The Business Poet – Chapter 5
On Stakeholders
Merlin hoped he hadn’t ruffled too many feathers by challenging customer supremacy. But long years of business experience had taught him that they are only one stakeholder group – albeit a critical one. So he was delighted by the follow up question, from their social responsibility officer, who spent a great deal of time listening to the needs to communities in which the company operated.
“Speak to us of Stakeholders. Will we ever seriously challenge the corporate obsession with shareholders?”
This was a matter close to Merlin’s heart. He often wondered if, for all the good capitalism had done in the world, the power of shareholders could be its ultimate Achilles heel. He consulted his notes, and read by the flickering candle light:
“Business is the living manifestation of a complex web of relationships.
“Just as the body depends on the coordinated functioning of all its parts, so companies rely on the constructive interaction of multiple stakeholders for their continued existence and success.
“The dreaming logic of the head must listen to the yearning intuitions of the heart.
“The craving appetite of the stomach must heed the cleansing capacity of the liver.
“The eager strides of the feet must match the energising breath of the lungs.
“Companies that pander exclusively to the demands of insatiable shareholders risk acquiring a compulsive eating disorder, while those that neglect returns to capital providers may soon be staring anorexia in the face.
“Managers that place their own comforts and rewards ahead of the welfare of their workers are selfish cancer cells that threaten to destroy the entire body, while employees that make blind demands without regard for the health of the company may unwittingly be spreading a debilitating virus.

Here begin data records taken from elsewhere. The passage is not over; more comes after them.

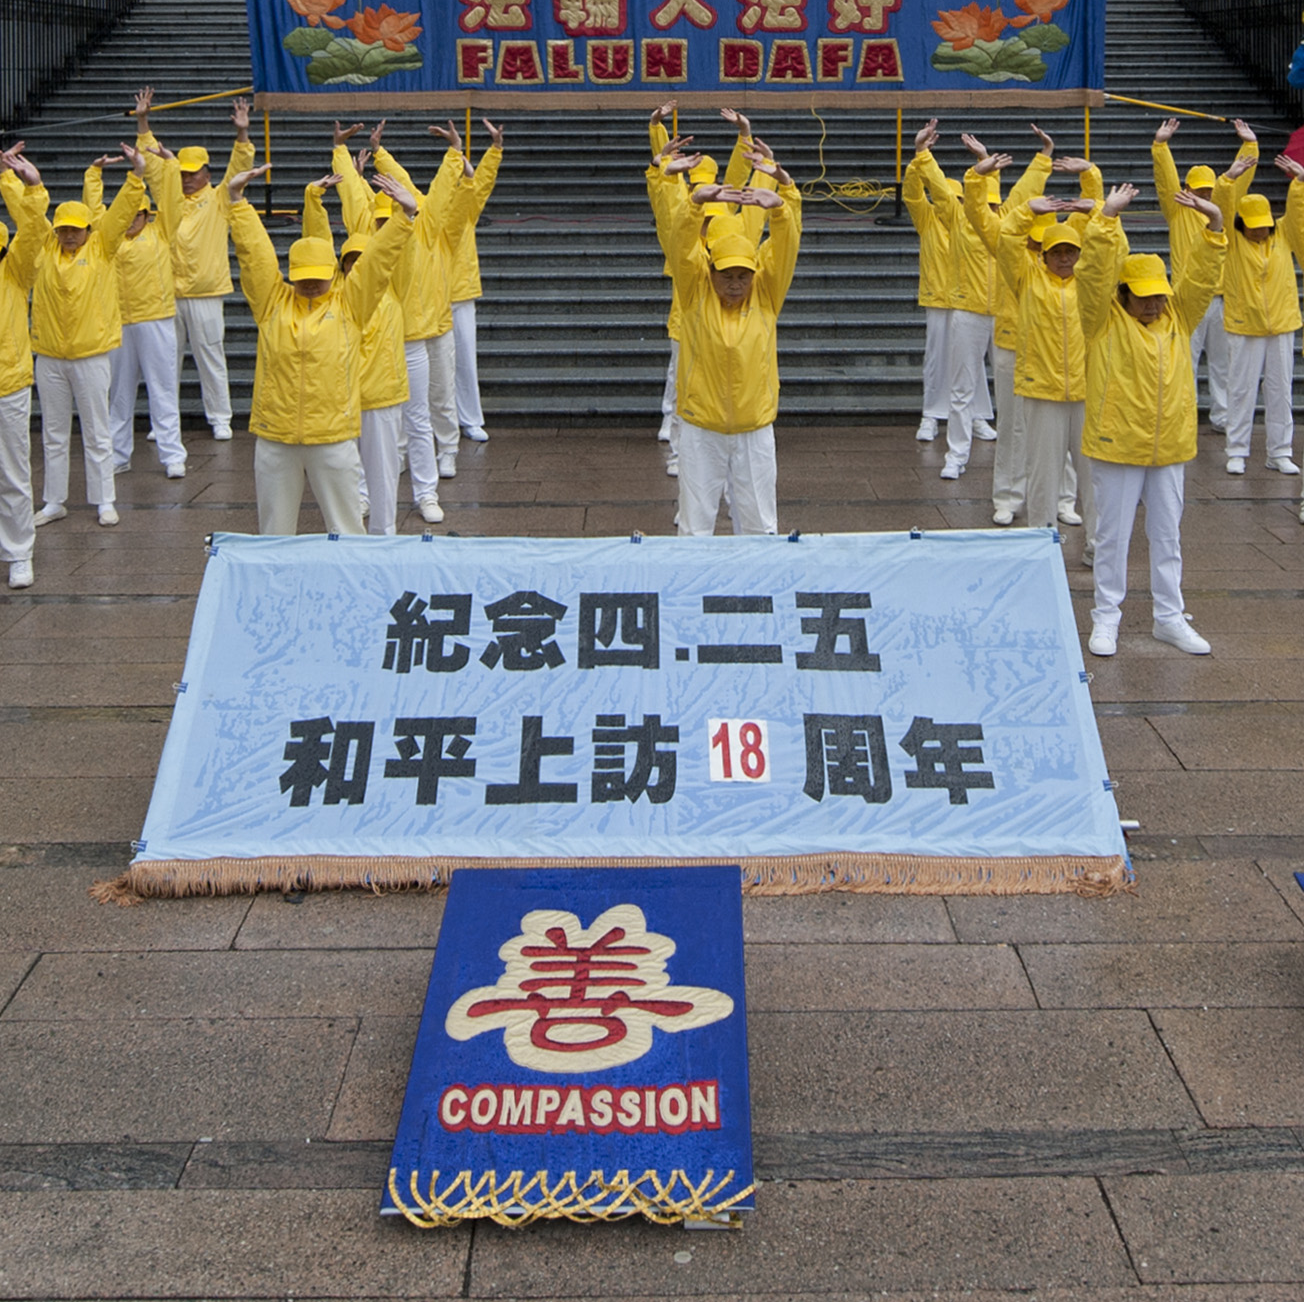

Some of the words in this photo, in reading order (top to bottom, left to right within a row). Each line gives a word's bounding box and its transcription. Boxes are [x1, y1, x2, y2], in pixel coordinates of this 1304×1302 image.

[456, 38, 688, 85] FALUN
[719, 38, 904, 85] DAFA
[458, 918, 702, 1059] 善
[441, 1084, 717, 1128] COMPASSION
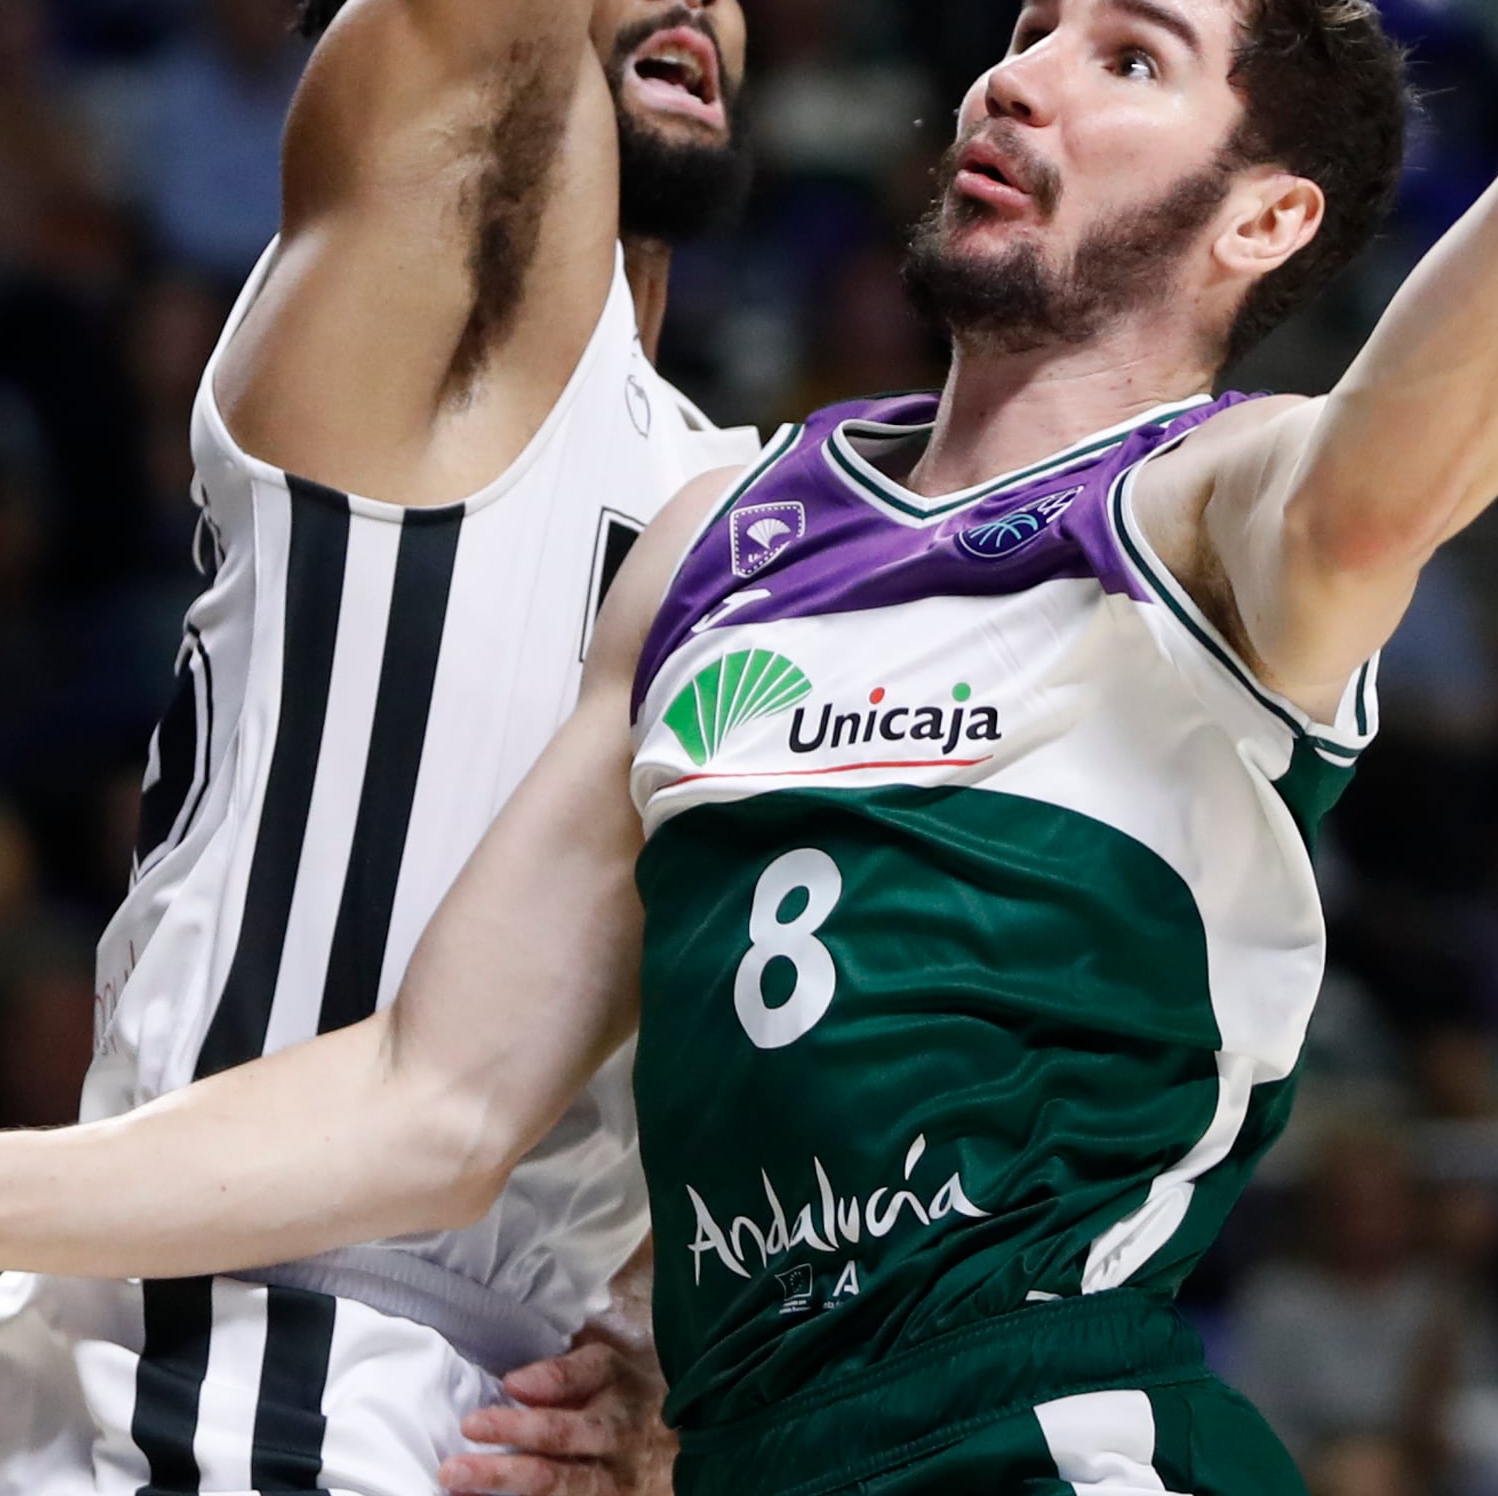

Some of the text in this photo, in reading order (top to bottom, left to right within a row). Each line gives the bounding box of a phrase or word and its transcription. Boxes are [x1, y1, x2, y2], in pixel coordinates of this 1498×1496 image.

“Businesses that pollute the environment or fail to look after the community are poisoning the body and eroding its immune system, while civic and green organisations that attack rather than engage constructively must face the full force of the body’s self defence mechanisms.

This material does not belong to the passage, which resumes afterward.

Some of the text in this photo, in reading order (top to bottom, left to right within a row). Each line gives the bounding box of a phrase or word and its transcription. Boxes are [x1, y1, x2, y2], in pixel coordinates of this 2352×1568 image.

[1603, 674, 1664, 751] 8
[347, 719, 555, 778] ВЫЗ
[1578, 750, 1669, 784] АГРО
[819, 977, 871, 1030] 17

“The needs of the private sector are many and varied, like the diverse requirements of the body, for water, food, rest and stimulation.

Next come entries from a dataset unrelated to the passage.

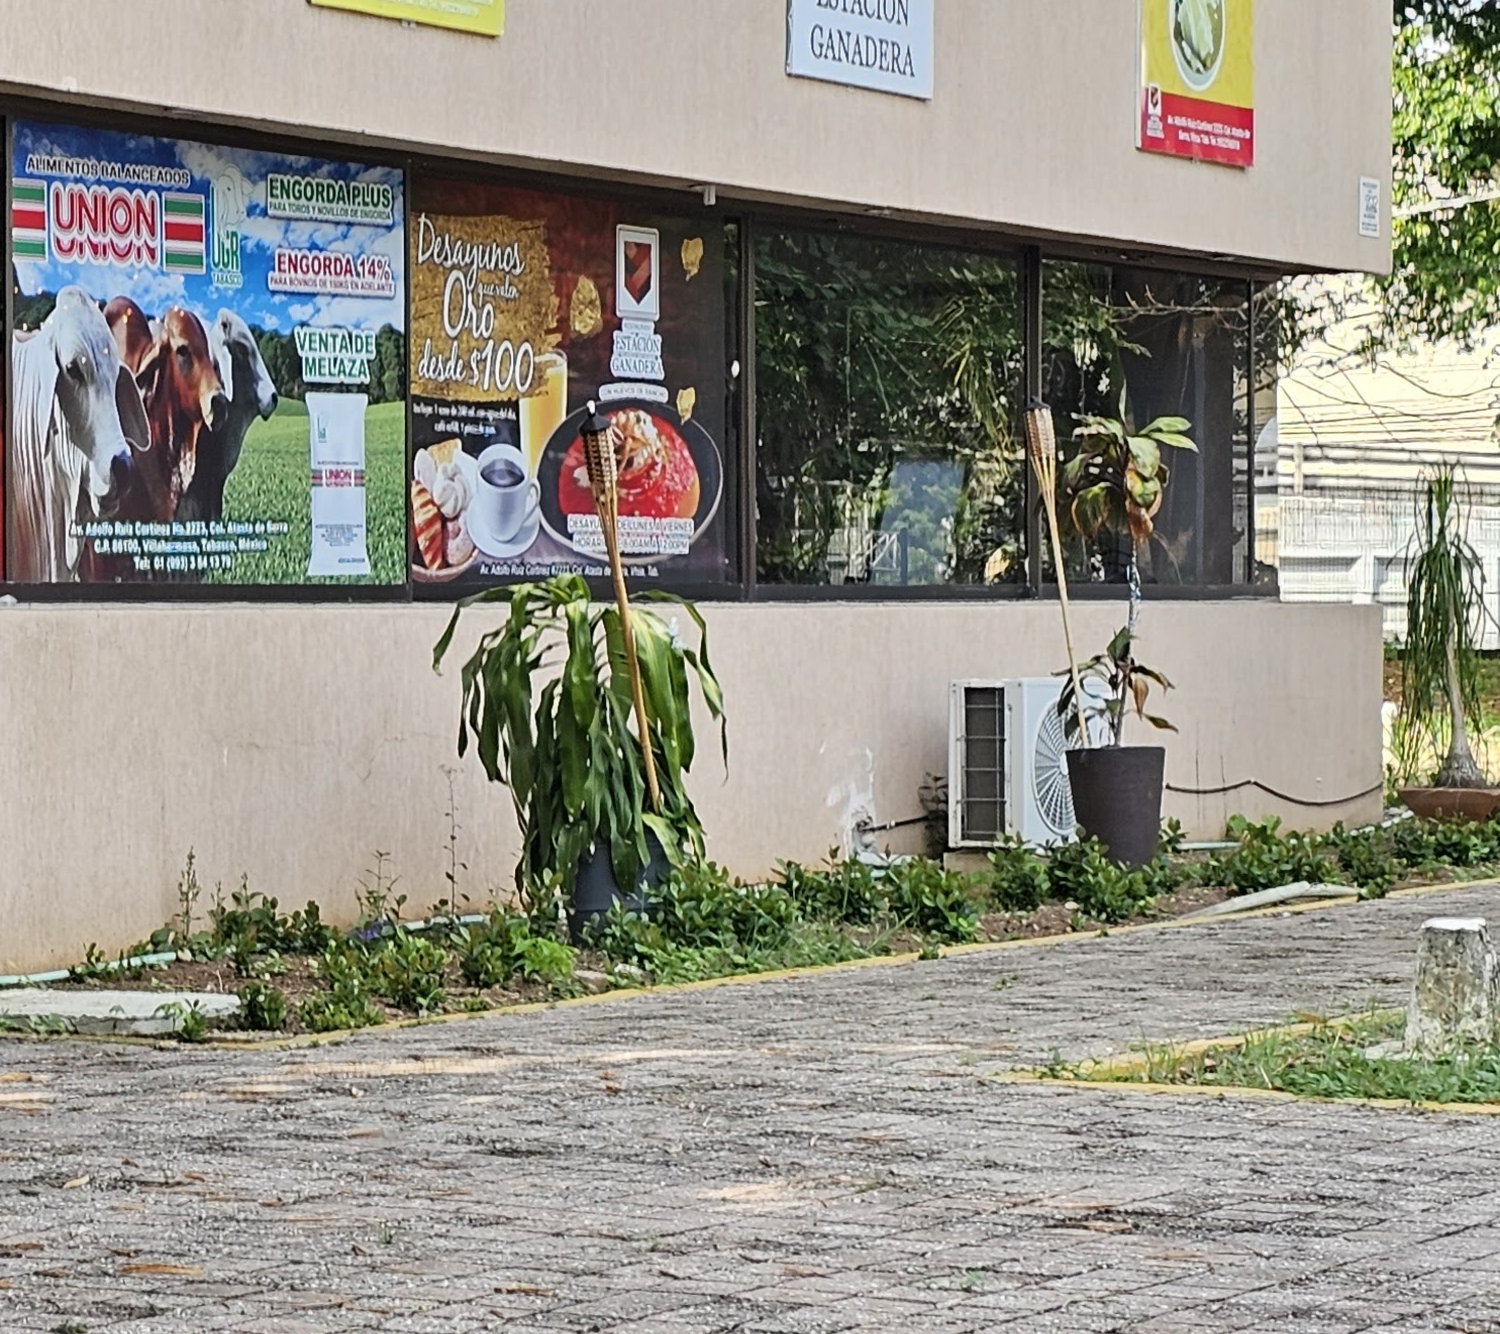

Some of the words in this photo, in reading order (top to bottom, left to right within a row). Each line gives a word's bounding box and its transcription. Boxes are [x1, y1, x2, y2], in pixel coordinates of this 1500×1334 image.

[810, 24, 915, 77] GANADERA
[27, 157, 99, 176] ALIMENTOS
[101, 162, 189, 185] BALANCEADOS
[269, 178, 347, 205] ENGORDA
[351, 184, 391, 208] PLUS
[53, 187, 157, 242] UNION
[269, 201, 287, 212] PARA
[288, 203, 311, 214] TOROS
[311, 204, 317, 215] Y
[318, 205, 349, 218] NOVILLOS
[350, 208, 359, 219] DE
[417, 212, 526, 291] Desayunos
[212, 273, 242, 286] TABASCO
[277, 253, 356, 278] ENGORDA
[358, 258, 390, 281] 14%
[270, 276, 287, 286] PARA
[319, 279, 327, 289] DE
[350, 280, 359, 290] EN
[360, 281, 393, 293] ADELANTE
[443, 269, 495, 339] Oro
[296, 330, 350, 354] VENTA
[354, 334, 374, 355] DE
[615, 335, 660, 353] ESTACIÓN
[304, 356, 368, 378] MELAZA
[418, 338, 467, 383] desde
[468, 339, 534, 394] $100
[611, 357, 663, 375] GANADERA
[324, 469, 352, 481] UNION

“An enterprise without a market of willing customers is a baby still-born, and a business without a stable, transparent government is a tantrum child.
“A company without reliable suppliers is a fickle teenager and a commercial venture without a record of good media relations is a staid adult.
An organisation without an incubator of creative innovators is a dying elder.
“A healthy body maintains a state of dynamic equilibrium, yet there is no single measure to diagnose this ideal balance.
“Temperature, pulse and blood pressure, all combine to paint a picture of health or illness.
“Likewise, the vitality and sustainability of a business cannot be determined by the satisfaction of one stakeholder group only, or even all stakeholders at one point in time.
“The stakeholder-sensitive company invests in multiple instruments and tracks diverse measures for continuous bio-monitoring and bio-feedback that signals the state of health of the corporate body.
“In reality, a body does not consist of separate parts at all, but functions as an integrated whole.
“Machines can be dismantled, but if a body is dissected, it means it is dead.
“Those businesses are most alive that are inseparable, even indistinguishable, from their stakeholders, for this is the way of the living organisms.”